Segment Open

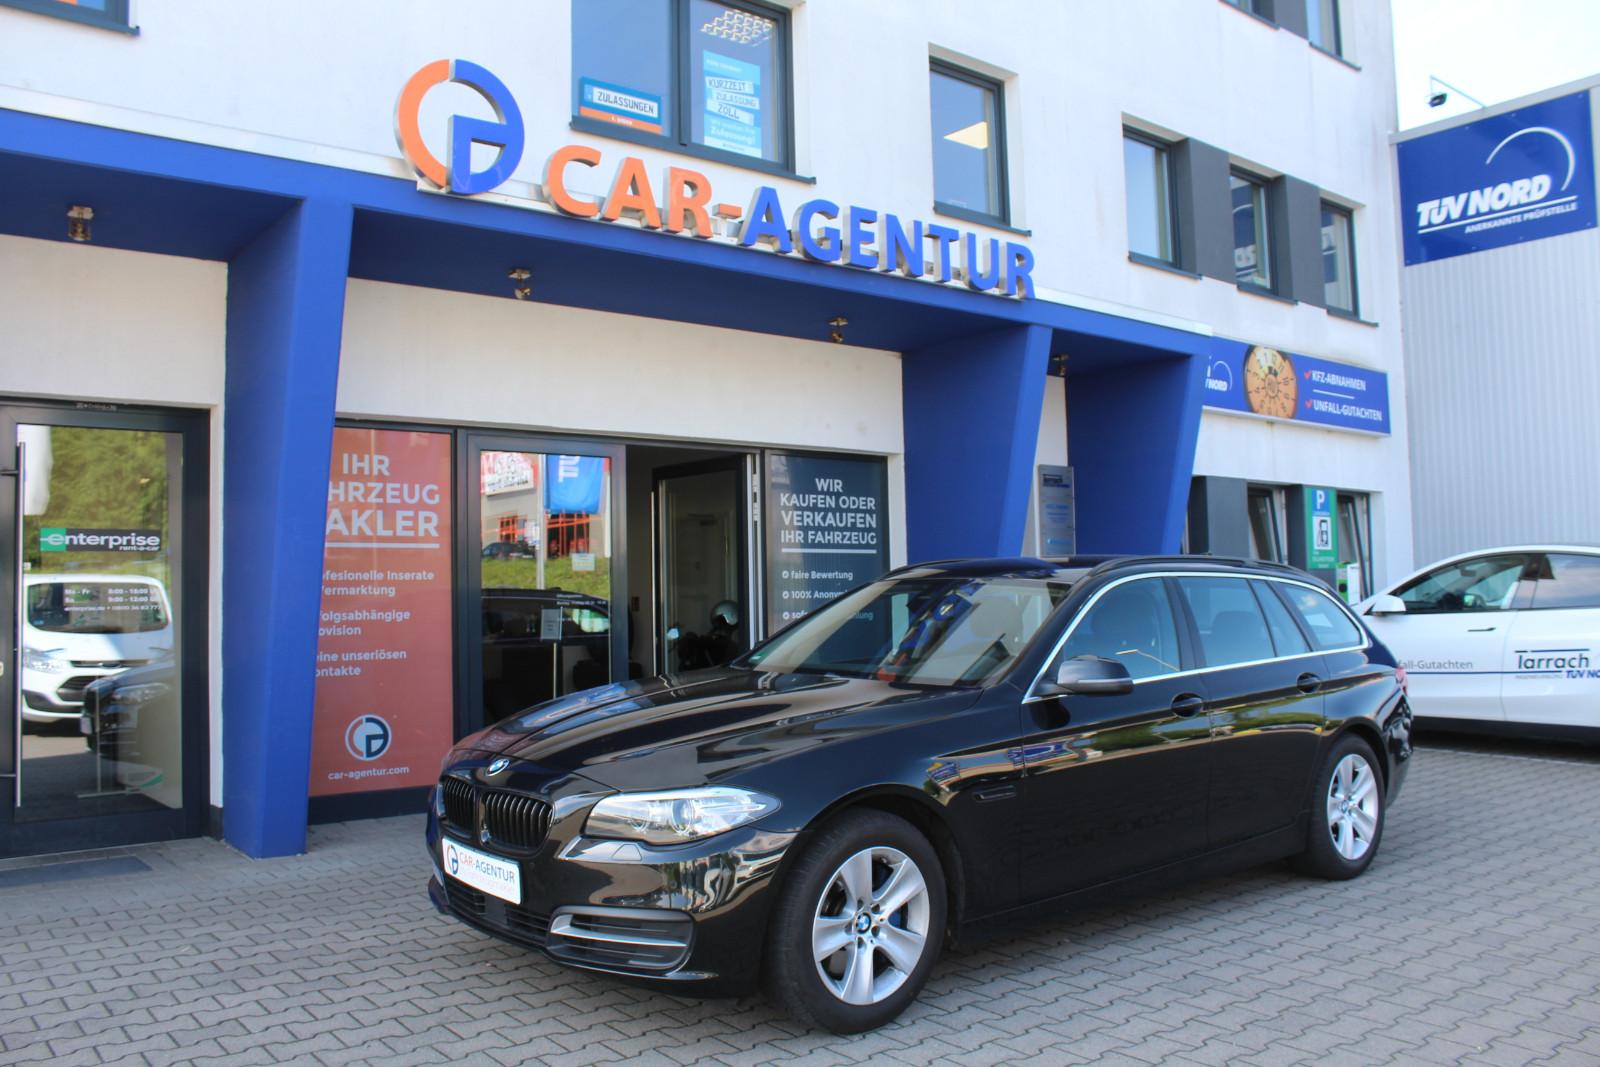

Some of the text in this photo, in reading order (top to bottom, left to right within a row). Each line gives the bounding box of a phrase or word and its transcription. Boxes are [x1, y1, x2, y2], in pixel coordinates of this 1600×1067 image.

[596, 91, 655, 114] ZULASSUNGEN
[717, 103, 740, 119] ZOLL
[1467, 174, 1552, 216] NORD
[543, 145, 1037, 299] CAR-AGENTUR
[1465, 202, 1578, 233] ANERKANNTE PRÜFSTELLE
[1312, 370, 1367, 392] KFZ-ABNAHMEN
[1313, 399, 1382, 421] UNFALL-GUTACHTEN
[342, 453, 391, 476] IHR
[815, 478, 843, 492] WIR
[780, 493, 876, 510] KAUFEN ODER
[1316, 489, 1325, 510] P
[781, 511, 877, 529] VERKAUFEN
[47, 533, 160, 549] enterprise
[781, 530, 877, 545] IHR FAHRZEUG
[323, 570, 435, 581] fesionelle Inserate
[791, 570, 853, 581] faire Bewertung
[321, 585, 396, 597] ermarktung
[791, 590, 812, 599] 100%
[317, 649, 407, 661] ine unseriösen
[328, 766, 410, 780] car-agentur.com
[459, 852, 516, 885] CAR-AGENTUR
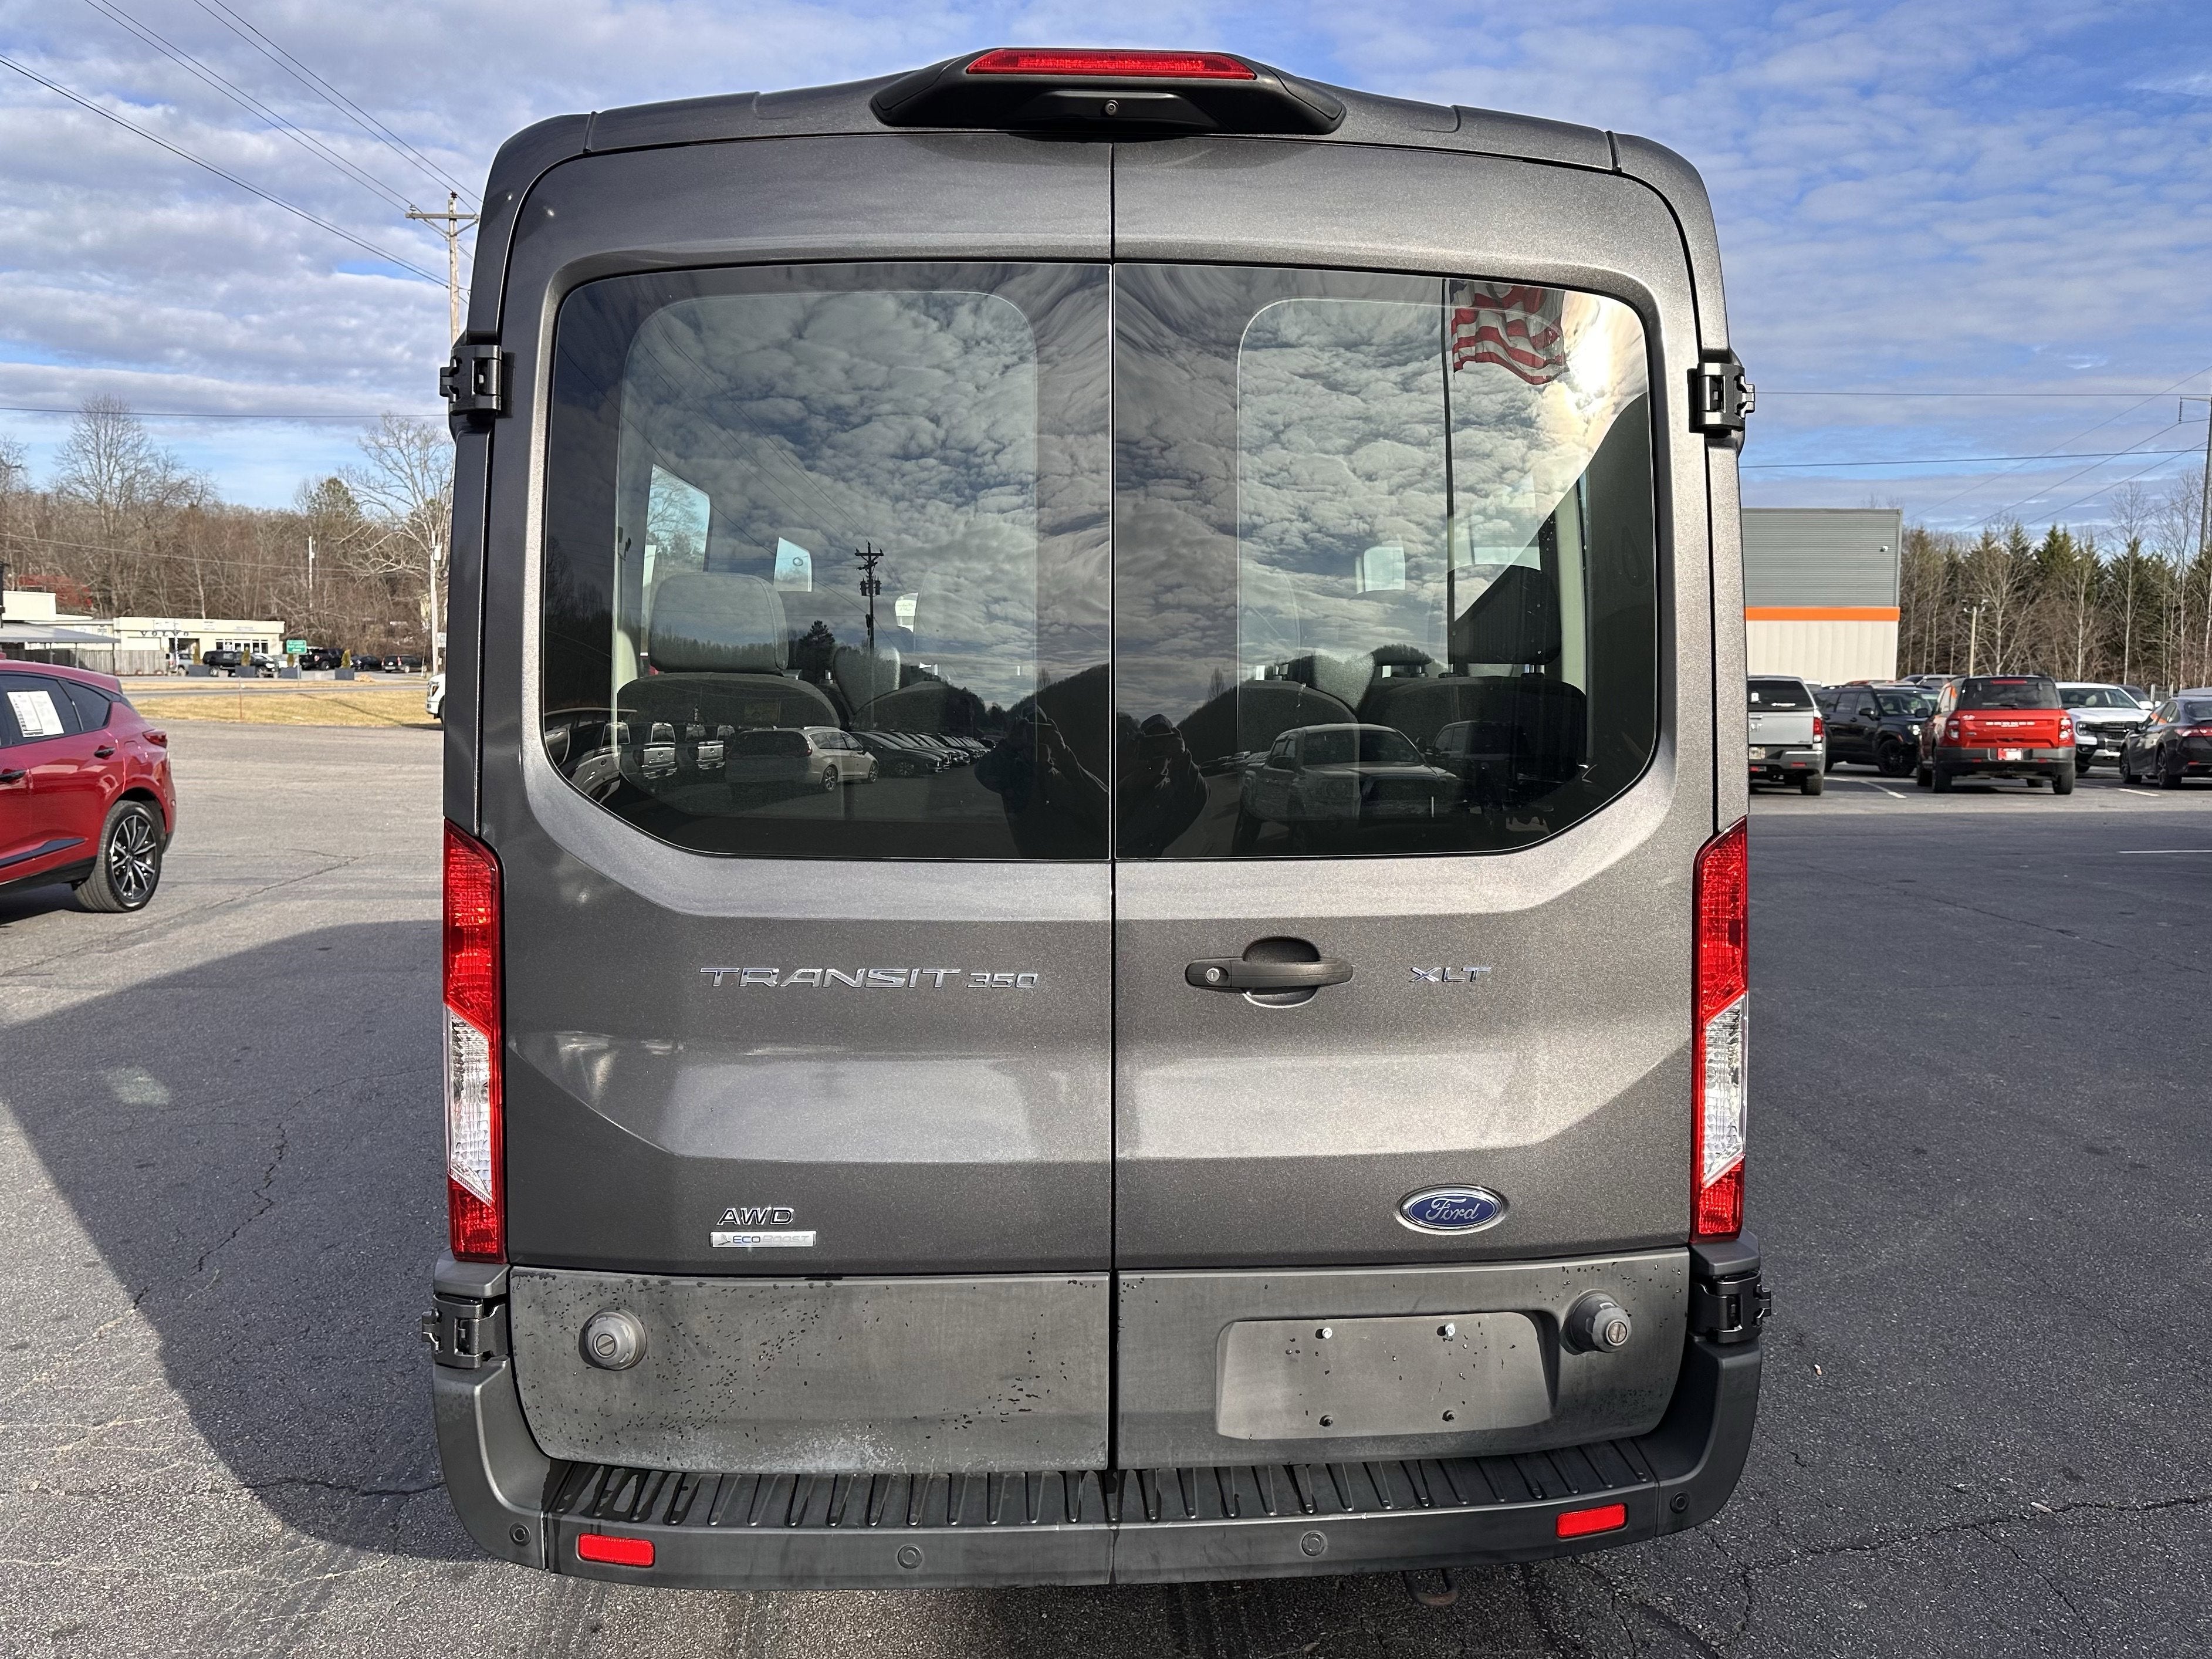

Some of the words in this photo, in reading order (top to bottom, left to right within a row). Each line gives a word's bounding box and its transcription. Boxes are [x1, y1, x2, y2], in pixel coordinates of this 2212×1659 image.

[699, 967, 961, 988] TRANSIT
[967, 972, 1039, 988] 350
[1409, 967, 1491, 982] XLT
[716, 1207, 794, 1225] AWD
[1425, 1198, 1480, 1221] Ford
[732, 1235, 810, 1244] ECOBOOST
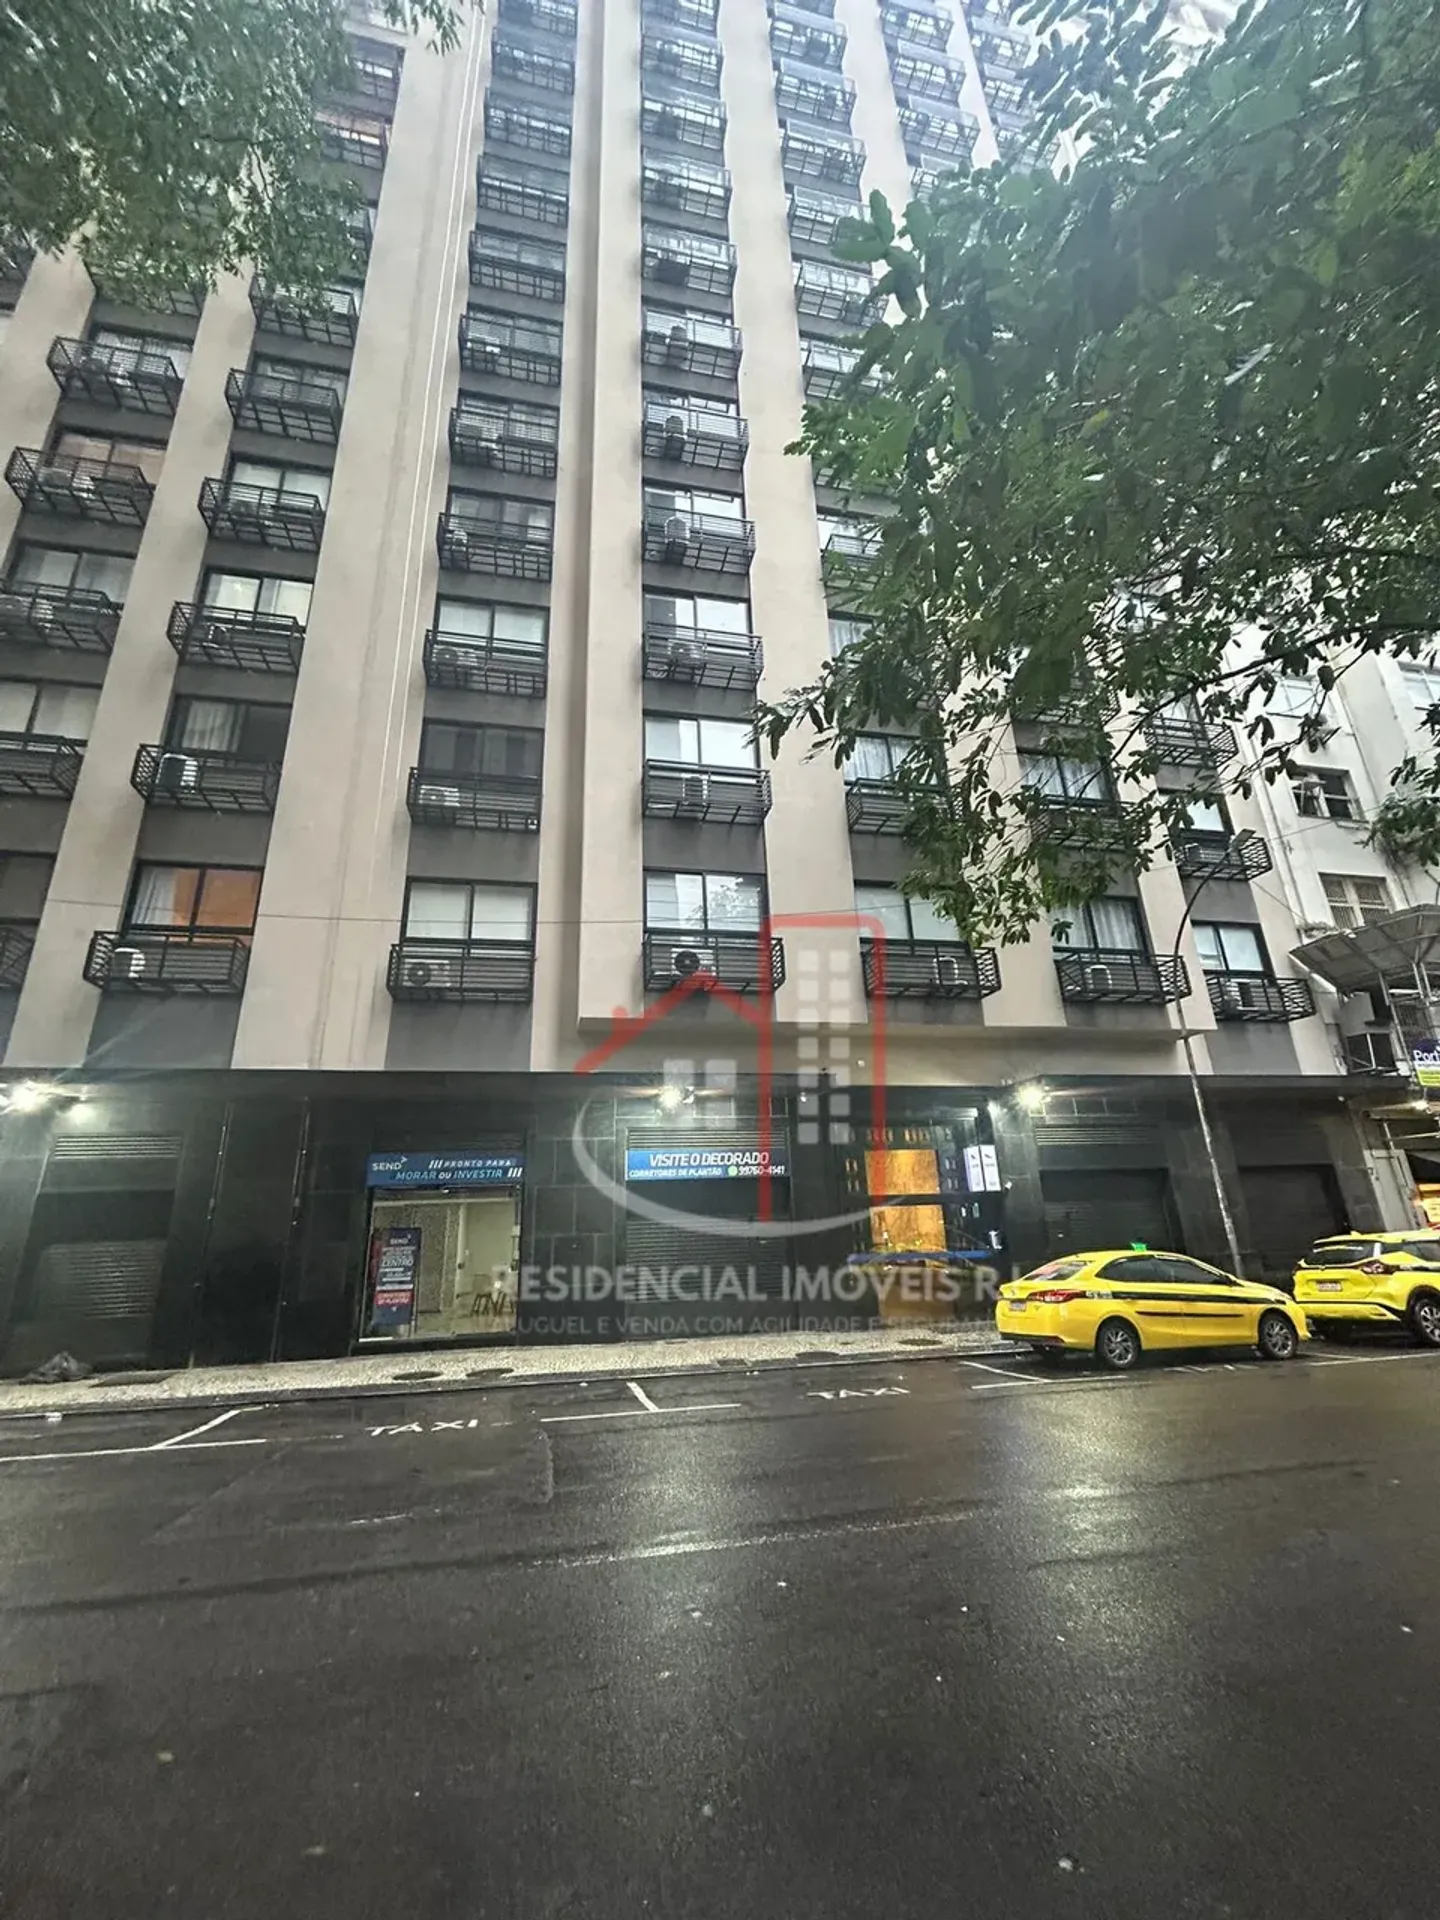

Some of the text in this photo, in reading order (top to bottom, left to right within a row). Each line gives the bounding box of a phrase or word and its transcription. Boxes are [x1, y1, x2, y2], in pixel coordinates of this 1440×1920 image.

[372, 1161, 402, 1171] SEND
[443, 1159, 512, 1169] PRONTO PARA
[649, 1152, 770, 1167] VISITE O DECORADO
[395, 1170, 437, 1180] MORAR
[453, 1168, 503, 1179] INVESTIR
[805, 1386, 911, 1400] TAXI
[364, 1418, 479, 1437] TAXI

Segment Closed

- _Required work_:
Please output the full listing above exactly, minus any pictures.

- _Expected answer_:
Some of the text in this photo, in reading order (top to bottom, left to right within a row). Each line gives the bounding box of a phrase or word and its transcription. Boxes are [x1, y1, x2, y2], in pixel coordinates of this 1600×1067 image.

[596, 91, 655, 114] ZULASSUNGEN
[717, 103, 740, 119] ZOLL
[1467, 174, 1552, 216] NORD
[543, 145, 1037, 299] CAR-AGENTUR
[1465, 202, 1578, 233] ANERKANNTE PRÜFSTELLE
[1312, 370, 1367, 392] KFZ-ABNAHMEN
[1313, 399, 1382, 421] UNFALL-GUTACHTEN
[342, 453, 391, 476] IHR
[815, 478, 843, 492] WIR
[780, 493, 876, 510] KAUFEN ODER
[1316, 489, 1325, 510] P
[781, 511, 877, 529] VERKAUFEN
[47, 533, 160, 549] enterprise
[781, 530, 877, 545] IHR FAHRZEUG
[323, 570, 435, 581] fesionelle Inserate
[791, 570, 853, 581] faire Bewertung
[321, 585, 396, 597] ermarktung
[791, 590, 812, 599] 100%
[317, 649, 407, 661] ine unseriösen
[328, 766, 410, 780] car-agentur.com
[459, 852, 516, 885] CAR-AGENTUR

Some of the words in this photo, in reading order (top to bottom, left to right within a row). Each line gives a word's bounding box and its transcription. Boxes are [x1, y1, x2, y2], in pixel coordinates of this 2212×1659 image.

[699, 967, 961, 988] TRANSIT
[967, 972, 1039, 988] 350
[1409, 967, 1491, 982] XLT
[716, 1207, 794, 1225] AWD
[1425, 1198, 1480, 1221] Ford
[732, 1235, 810, 1244] ECOBOOST

Some of the text in this photo, in reading order (top to bottom, left to right within a row). Each line gives the bounding box of a phrase or word and its transcription. Boxes are [x1, y1, x2, y2], in pixel coordinates of this 1440×1920 image.

[372, 1161, 402, 1171] SEND
[443, 1159, 512, 1169] PRONTO PARA
[649, 1152, 770, 1167] VISITE O DECORADO
[395, 1170, 437, 1180] MORAR
[453, 1168, 503, 1179] INVESTIR
[805, 1386, 911, 1400] TAXI
[364, 1418, 479, 1437] TAXI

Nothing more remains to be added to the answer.